Phrase grounding data
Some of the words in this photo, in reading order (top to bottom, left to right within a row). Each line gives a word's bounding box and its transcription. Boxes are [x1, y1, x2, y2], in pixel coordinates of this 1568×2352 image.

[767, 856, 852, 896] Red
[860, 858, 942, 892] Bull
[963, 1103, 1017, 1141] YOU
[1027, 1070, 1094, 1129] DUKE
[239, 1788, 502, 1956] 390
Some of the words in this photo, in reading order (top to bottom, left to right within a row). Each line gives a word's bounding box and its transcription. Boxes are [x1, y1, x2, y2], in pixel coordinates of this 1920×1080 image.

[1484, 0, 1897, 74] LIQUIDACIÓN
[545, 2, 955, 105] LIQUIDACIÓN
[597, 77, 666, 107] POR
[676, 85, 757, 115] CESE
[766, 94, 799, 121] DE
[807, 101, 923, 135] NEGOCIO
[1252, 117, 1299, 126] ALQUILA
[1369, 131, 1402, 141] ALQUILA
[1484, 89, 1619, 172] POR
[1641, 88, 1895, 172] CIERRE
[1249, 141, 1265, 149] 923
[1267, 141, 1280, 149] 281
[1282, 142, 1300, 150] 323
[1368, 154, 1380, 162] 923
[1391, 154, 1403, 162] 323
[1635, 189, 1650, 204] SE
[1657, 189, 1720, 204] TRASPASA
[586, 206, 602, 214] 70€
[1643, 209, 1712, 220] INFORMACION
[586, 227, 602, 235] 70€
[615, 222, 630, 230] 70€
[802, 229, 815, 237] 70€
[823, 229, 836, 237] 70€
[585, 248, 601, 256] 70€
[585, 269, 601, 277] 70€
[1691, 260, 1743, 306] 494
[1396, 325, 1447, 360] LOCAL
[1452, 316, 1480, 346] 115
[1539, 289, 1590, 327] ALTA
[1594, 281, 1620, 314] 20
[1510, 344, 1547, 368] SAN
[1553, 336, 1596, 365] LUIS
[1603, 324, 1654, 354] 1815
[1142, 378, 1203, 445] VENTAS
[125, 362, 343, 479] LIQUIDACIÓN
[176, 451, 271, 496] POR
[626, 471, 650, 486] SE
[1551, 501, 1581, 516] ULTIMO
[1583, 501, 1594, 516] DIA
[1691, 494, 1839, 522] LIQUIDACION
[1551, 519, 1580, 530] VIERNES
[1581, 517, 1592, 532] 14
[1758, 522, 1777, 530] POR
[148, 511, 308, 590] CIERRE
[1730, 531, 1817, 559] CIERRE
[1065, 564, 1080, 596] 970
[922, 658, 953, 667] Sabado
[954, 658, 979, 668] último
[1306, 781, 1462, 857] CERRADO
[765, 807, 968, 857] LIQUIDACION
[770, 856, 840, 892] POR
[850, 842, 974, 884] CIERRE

→ What the task asks: All of the records above should be repeated exactly.

→ Answer space:
Some of the words in this photo, in reading order (top to bottom, left to right within a row). Each line gives a word's bounding box and its transcription. Boxes are [x1, y1, x2, y2], in pixel coordinates of this 1568×2352 image.

[767, 856, 852, 896] Red
[860, 858, 942, 892] Bull
[963, 1103, 1017, 1141] YOU
[1027, 1070, 1094, 1129] DUKE
[239, 1788, 502, 1956] 390
Some of the words in this photo, in reading order (top to bottom, left to right within a row). Each line gives a word's bounding box and its transcription. Boxes are [x1, y1, x2, y2], in pixel coordinates of this 1920×1080 image.

[1484, 0, 1897, 74] LIQUIDACIÓN
[545, 2, 955, 105] LIQUIDACIÓN
[597, 77, 666, 107] POR
[676, 85, 757, 115] CESE
[766, 94, 799, 121] DE
[807, 101, 923, 135] NEGOCIO
[1252, 117, 1299, 126] ALQUILA
[1369, 131, 1402, 141] ALQUILA
[1484, 89, 1619, 172] POR
[1641, 88, 1895, 172] CIERRE
[1249, 141, 1265, 149] 923
[1267, 141, 1280, 149] 281
[1282, 142, 1300, 150] 323
[1368, 154, 1380, 162] 923
[1391, 154, 1403, 162] 323
[1635, 189, 1650, 204] SE
[1657, 189, 1720, 204] TRASPASA
[586, 206, 602, 214] 70€
[1643, 209, 1712, 220] INFORMACION
[586, 227, 602, 235] 70€
[615, 222, 630, 230] 70€
[802, 229, 815, 237] 70€
[823, 229, 836, 237] 70€
[585, 248, 601, 256] 70€
[585, 269, 601, 277] 70€
[1691, 260, 1743, 306] 494
[1396, 325, 1447, 360] LOCAL
[1452, 316, 1480, 346] 115
[1539, 289, 1590, 327] ALTA
[1594, 281, 1620, 314] 20
[1510, 344, 1547, 368] SAN
[1553, 336, 1596, 365] LUIS
[1603, 324, 1654, 354] 1815
[1142, 378, 1203, 445] VENTAS
[125, 362, 343, 479] LIQUIDACIÓN
[176, 451, 271, 496] POR
[626, 471, 650, 486] SE
[1551, 501, 1581, 516] ULTIMO
[1583, 501, 1594, 516] DIA
[1691, 494, 1839, 522] LIQUIDACION
[1551, 519, 1580, 530] VIERNES
[1581, 517, 1592, 532] 14
[1758, 522, 1777, 530] POR
[148, 511, 308, 590] CIERRE
[1730, 531, 1817, 559] CIERRE
[1065, 564, 1080, 596] 970
[922, 658, 953, 667] Sabado
[954, 658, 979, 668] último
[1306, 781, 1462, 857] CERRADO
[765, 807, 968, 857] LIQUIDACION
[770, 856, 840, 892] POR
[850, 842, 974, 884] CIERRE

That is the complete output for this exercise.